De barriga vazia não dá para sorrir, cantar e sonhar

Há 45 anos Caetano Veloso lançava a música Gente, que trazia algumas frases interessantes “gente é muito bom”; “tem de se cuidar e de se respeitar o bom” e, ainda, “gente é pra brilhar, não pra morrer de fome”. Naquela época o desemprego, a violência, o abismo social, os preconceitos, a discriminação e o abandono eram crescentes. Passados dez anos num cenário econômico e social não muito diferente, os Titãs lançaram a música Comida que alertava “A gente não quer só comida, a gente quer comida, diversão e arte”.

O Brasil de hoje experimenta um retrocesso e lembra muito aquele tempo que imaginávamos superado. O desgoverno, a institucionalização da violência, a precarização dos empregos, a redução dos salários e a devastação ambiental possibilitaram que a miséria retornasse aos cruéis patamares de outrora. O 2º Inquérito Nacional sobre Insegurança Alimentar no Contexto da Pandemia da Covid-19 no Brasil, revela que já temos mais de 33,1 milhões de miseráveis.

Enquanto se esperava ações objetivas, o que observamos é um governo que insiste em desmontar políticas públicas, acirrando as desigualdades e piorando o cenário econômico e social. O alto preço dos alimentos básicos, do gás de cozinha e dos combustíveis levaram pessoas às práticas perigosas como improvisar fogões de madeira, álcool e outros artifícios, além do desespero de revirar o lixo, comer carcaça ou engrossar o contingente de pedintes nas portas dos comércios e nas esquinas de quase todas as cidades.

Ao analisarmos o contexto da fome e da insegurança alimentar devemos ficar alertas às suas consequências para o futuro das pessoas e do país. Além da evasão escolar, crianças mal alimentadas são prejudicadas no desenvolvimento físico e principalmente cognitivo com atrasos sociais e econômicos terríveis. O chamado “celeiro do planeta” desprestigia biomas como Amazônia e Cerrado, pretere a agricultura familiar e opta pelo modelo agroexportador destrutivo. Se por um lado o resultado da balança comercial do agronegócio apresenta o expressivo superávit de US$ 43,7 bilhões entre janeiro e abril deste ano, por outro, o país ainda precisa importar itens indispensáveis na cesta básica como trigo e arroz.

Em 2021 o cantor Luan Santana participou da ação Panela Cheia Salva, realizada em parceria com as associações CUFA, Frente Nacional Antirracista e Gerando Falcões. Na letra o lembrete de que "Panela vazia mata / Se a fome bate, maltrata / Quem passa fome passa a não sonhar". Curiosamente artistas sertanejos se veem envolvidos na polêmica dos altos cachês pagos por prefeituras que sequer fornecem educação, saúde e assistência social básica aos seus munícipes. O povo merece curtir as atrações musicais e, se bem utilizada, a indústria de shows e eventos pode gerar renda, empregos e benefícios, mas infelizmente não é o que as notícias apontam.

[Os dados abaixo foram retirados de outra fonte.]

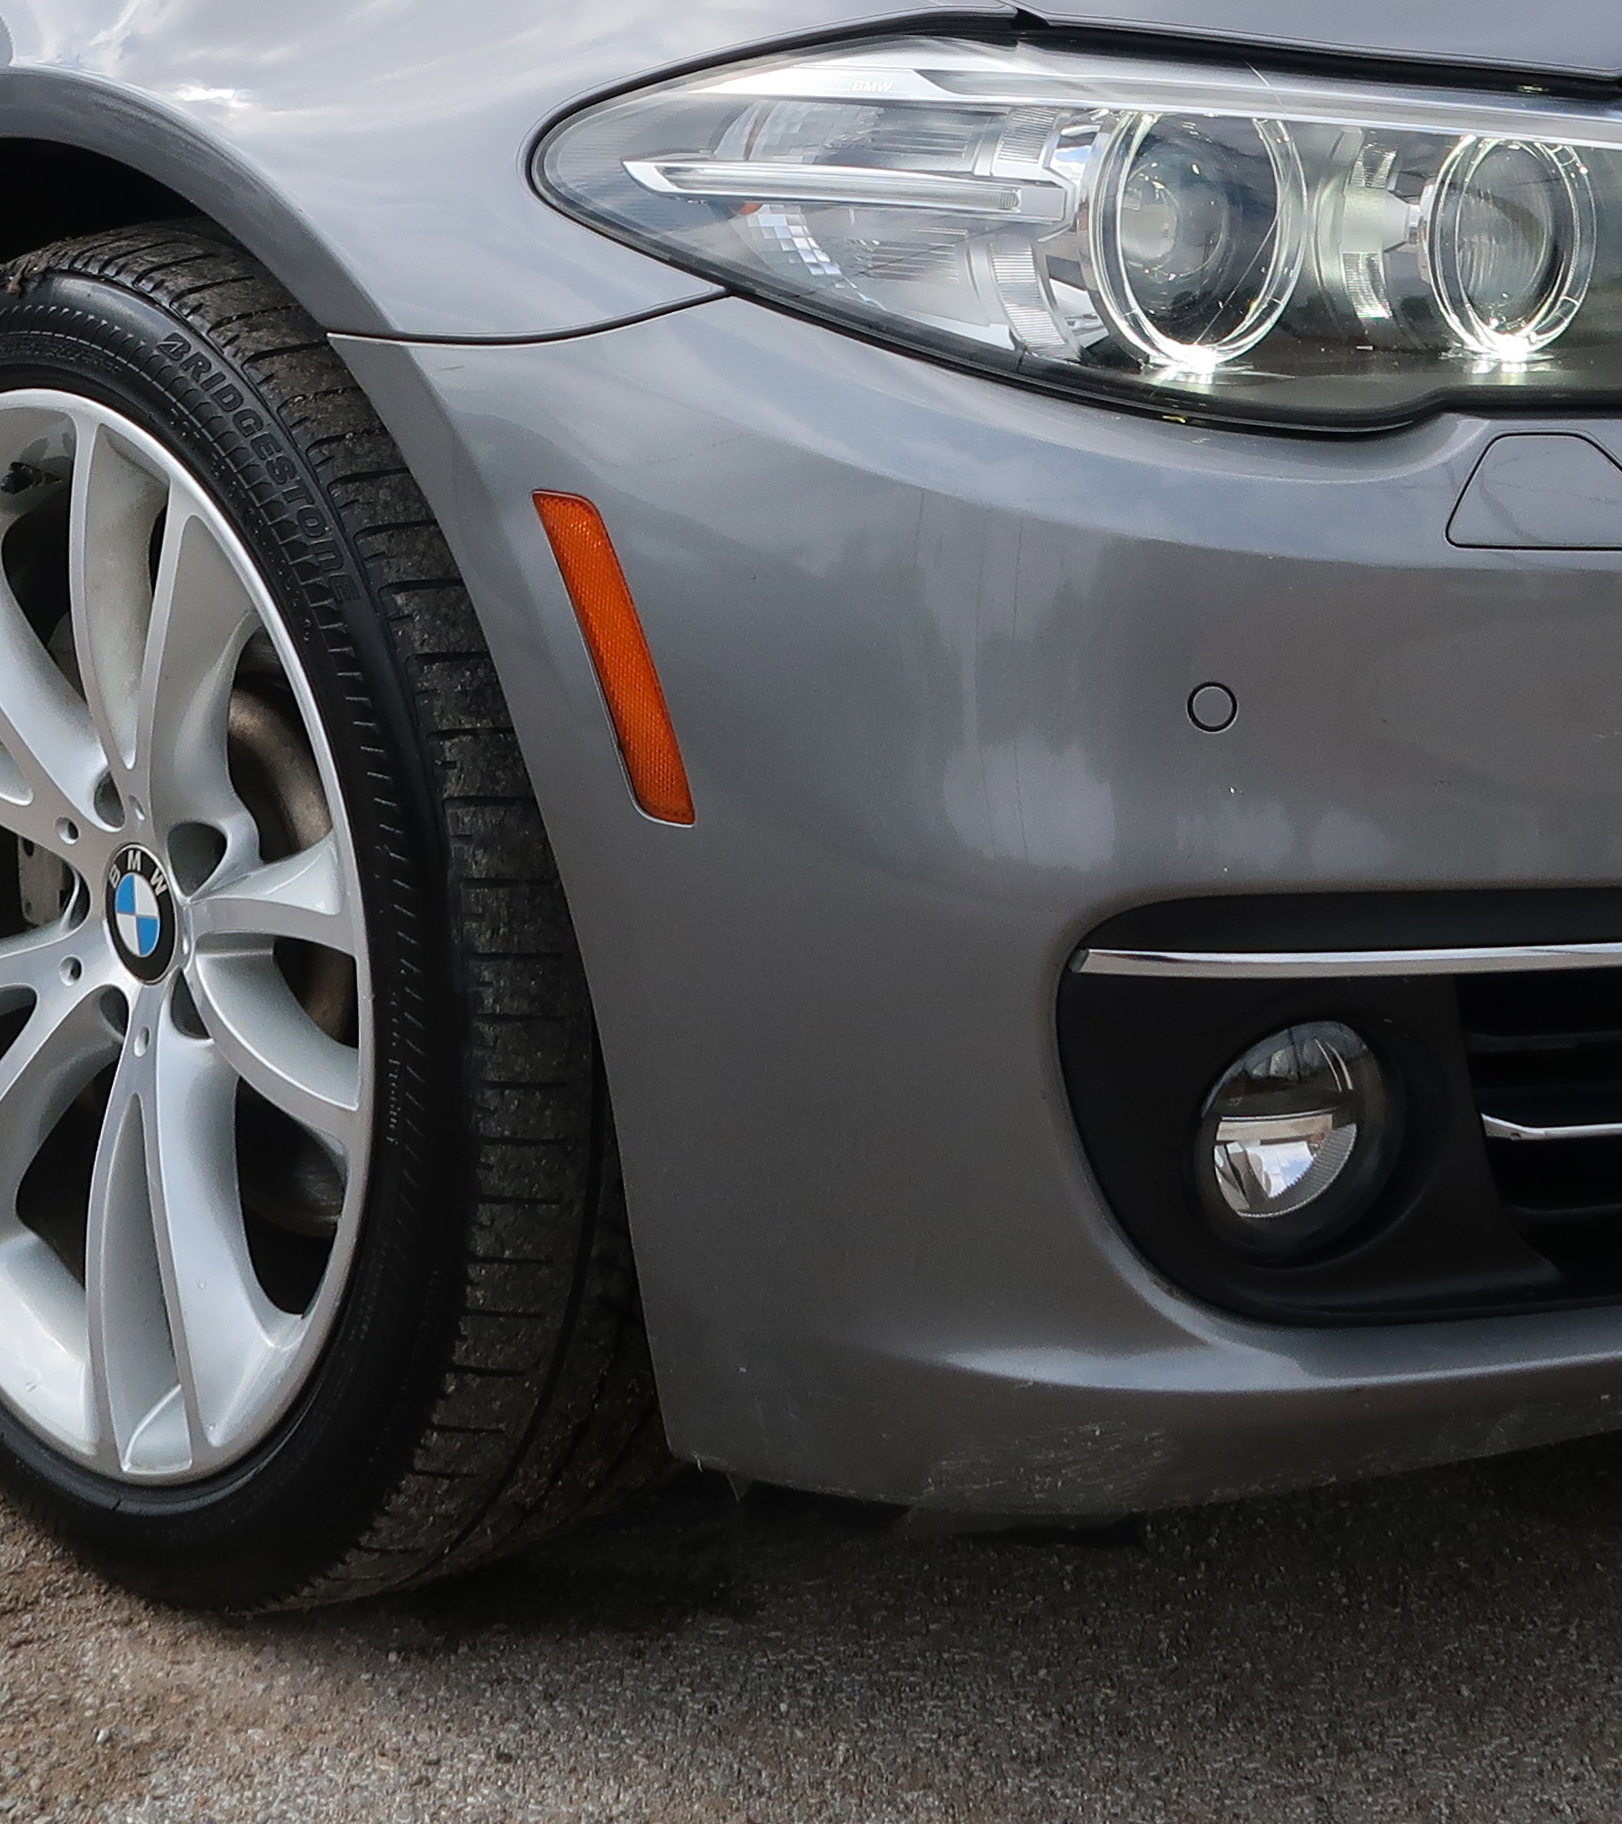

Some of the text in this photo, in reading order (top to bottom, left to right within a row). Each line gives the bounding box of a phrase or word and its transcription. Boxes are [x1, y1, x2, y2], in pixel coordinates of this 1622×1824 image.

[851, 79, 894, 93] BMW
[155, 330, 360, 606] BRIDGESTONE
[108, 849, 169, 897] BMW

De barriga vazia não dá para sorrir, cantar e sonhar, o efetivo combate à fome é urgente e existem soluções que podem ser implementadas começando pelo fortalecimento e ampliação dos programas de transferência de renda e chegando à retomada programada do crescimento econômico. Para nós um exercício interessante será conhecer o pensamento e as propostas dos onze pré-candidatos á presidência da república sobre os diversos temas, principalmente economia e trabalho, além de observar a capacidade de cada um em se sensibilizar e agir diante de um brasileiro que passa fome. Um bom político precisa gostar de gente e compreender que gente não só quer, mas precisa de comida, diversão, arte e dignidade.